Personal information
- Full name: Athanasios Karagounis
- Date of birth: 25 September 1991 (age 34)
- Place of birth: Lamia, Greece
- Height: 1.77 m (5 ft 10 in)
- Position(s): Winger; attacking midfielder;

Youth career
- Akadimia Lamia
- Androutsos Gravia

Senior career*
- Years: Team / Apps / (Gls)
- 2008–2009: Fokikos / 30 / (4)
- 2009–2014: Atromitos / 80 / (5)
- 2014–2018: Zwolle / 21 / (1)
- 2018–2019: Lamia / 10 / (0)
- 2019–2021: Apollon Smyrnis / 8 / (1)
- 2021–2022: A.E. Kifisia / 12 / (3)
- 2023: Proodeftiki / 5 / (0)
- 2023-24: Apollon Smyrnis / 3 / (0)

International career^{‡}
- 2010–2011: Greece U19 / 7 / (0)
- 2011–2013: Greece U21 / 9 / (2)

= Thanasis Karagounis =

Greek footballer (born 1991)

Thanasis Karagounis (Greek: Θανάσης Καραγκούνης; born 25 September 1991) is a former Greek professional footballer who played as a winger or an attacking midfielder for Super League 2 club Proodeftiki.

==Club career==

===Fokikos===
Karagounis started his professional career in 2008 with Fokikos, making 30 appearances in the Football League 2 and scoring 4 goals.

===Atromitos===
In summer 2009 he joined the newly promoted Beta Ethniki champions Atromitos,.
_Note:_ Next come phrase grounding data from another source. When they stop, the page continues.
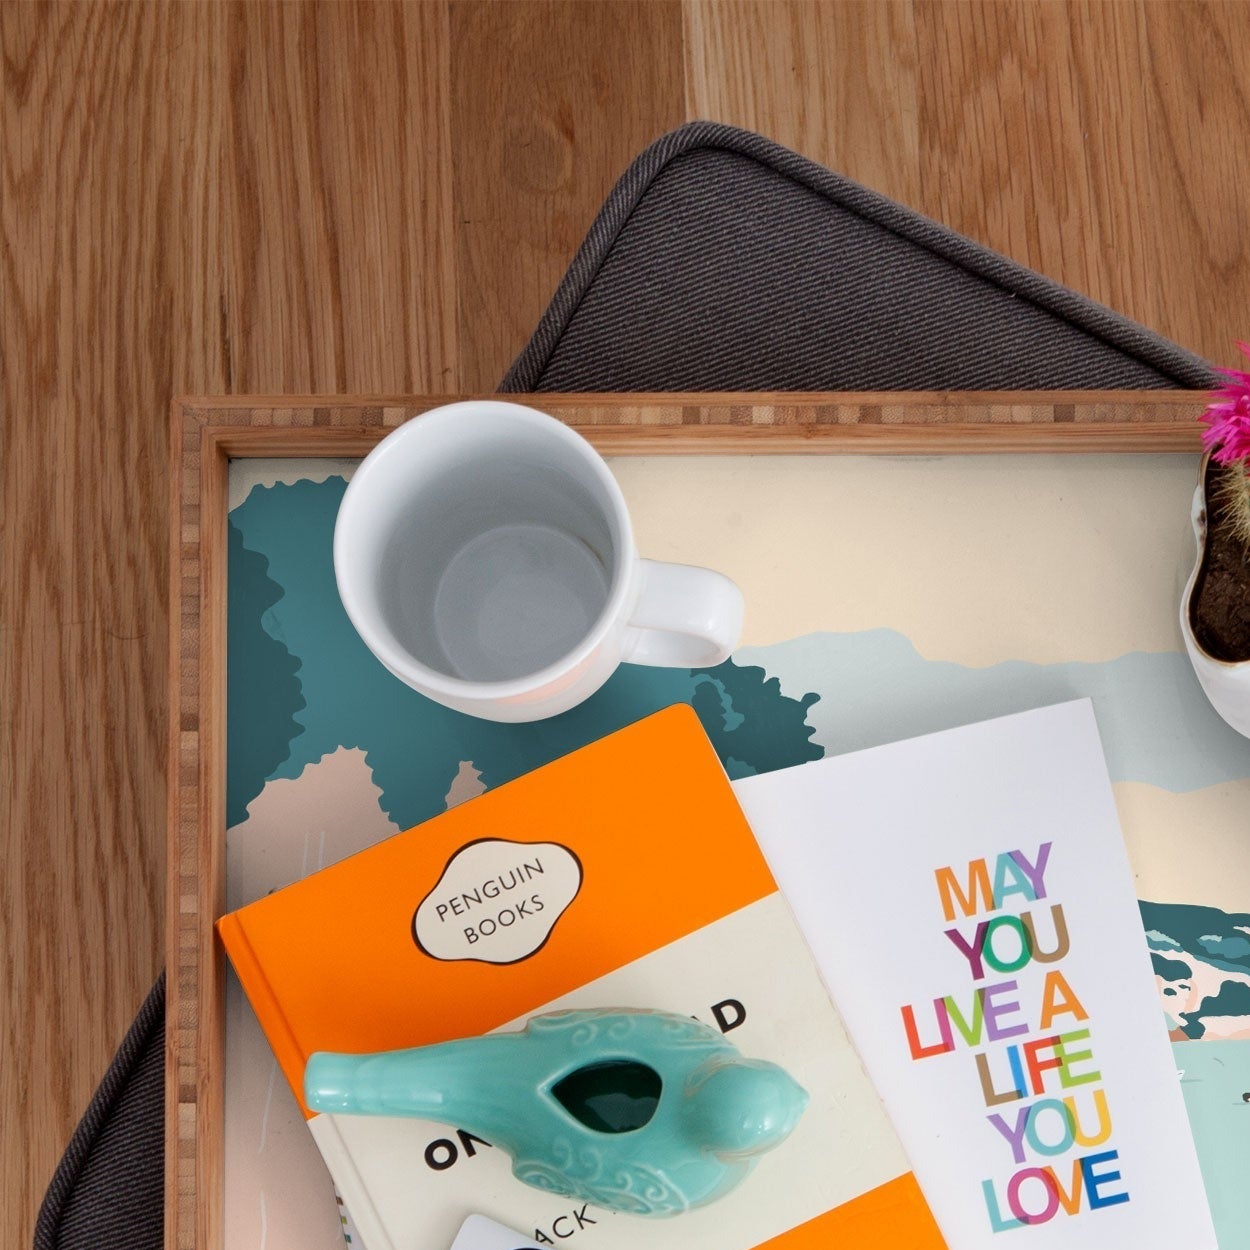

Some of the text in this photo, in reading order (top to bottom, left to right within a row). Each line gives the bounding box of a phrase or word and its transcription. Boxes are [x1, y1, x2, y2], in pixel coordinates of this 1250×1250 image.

[435, 858, 544, 922] PENGUIN
[463, 894, 544, 944] BOOKS
[934, 841, 1053, 922] MAY
[944, 903, 1071, 981] YOU
[900, 970, 1090, 1061] LIVE A
[974, 1028, 1102, 1107] LIFE
[986, 1089, 1112, 1165] YOU
[535, 1203, 598, 1245] ACK
[981, 1149, 1130, 1234] LOVE
He was part of the Atromitos team who were runners-up of the 2010–11 Greek Cup, after losing 0–3 to AEK Athens. Thanasis only made 2 appearances in Atromitos' way to the final, one as a starter against Anagennisi Giannitsa for the fourth phase and one as a substitute against Diagoras for the second leg of the quarter-finals. He scored his first goal with the club on 3 May 2014 in an away loss 2–1 against Twente.

===Zwolle===
In January 2014, he signed a 2.5-year contract with PEC Zwolle for a transfer fee of €300,000. He made his debut with the club in January, 18th as a substitute in a 1–2 home loss against Vitesse Arnhem. Karagounis injured on his lip during the Dutch cup match between PEC Zwolle and NEC Nijmegen at the IJsseldelta stadium on 26 March 2014 in Zwolle. On 25 November 2014, Karagounis injured again suffering a cruciate ligament rupture losing the rest of the 2014–15 season.

In July 2015, after a very difficult year for the defender marred by injury (185 days to be exact), according to Voetbal International, Karagounis' return was postponed when there was a setback during his rehabilitation from a cruciate ligament injury. It remained a question whether there is a need for another operation. Eventually he lost the whole season and returned to the squad on 30 June 2016.

In April 2016, PEC Zwolle renewed Karagounis' contract for two seasons, till the summer of 2018, despite his severe injury that kept him out of action for the whole season. There is also an option included in his contract for one more season.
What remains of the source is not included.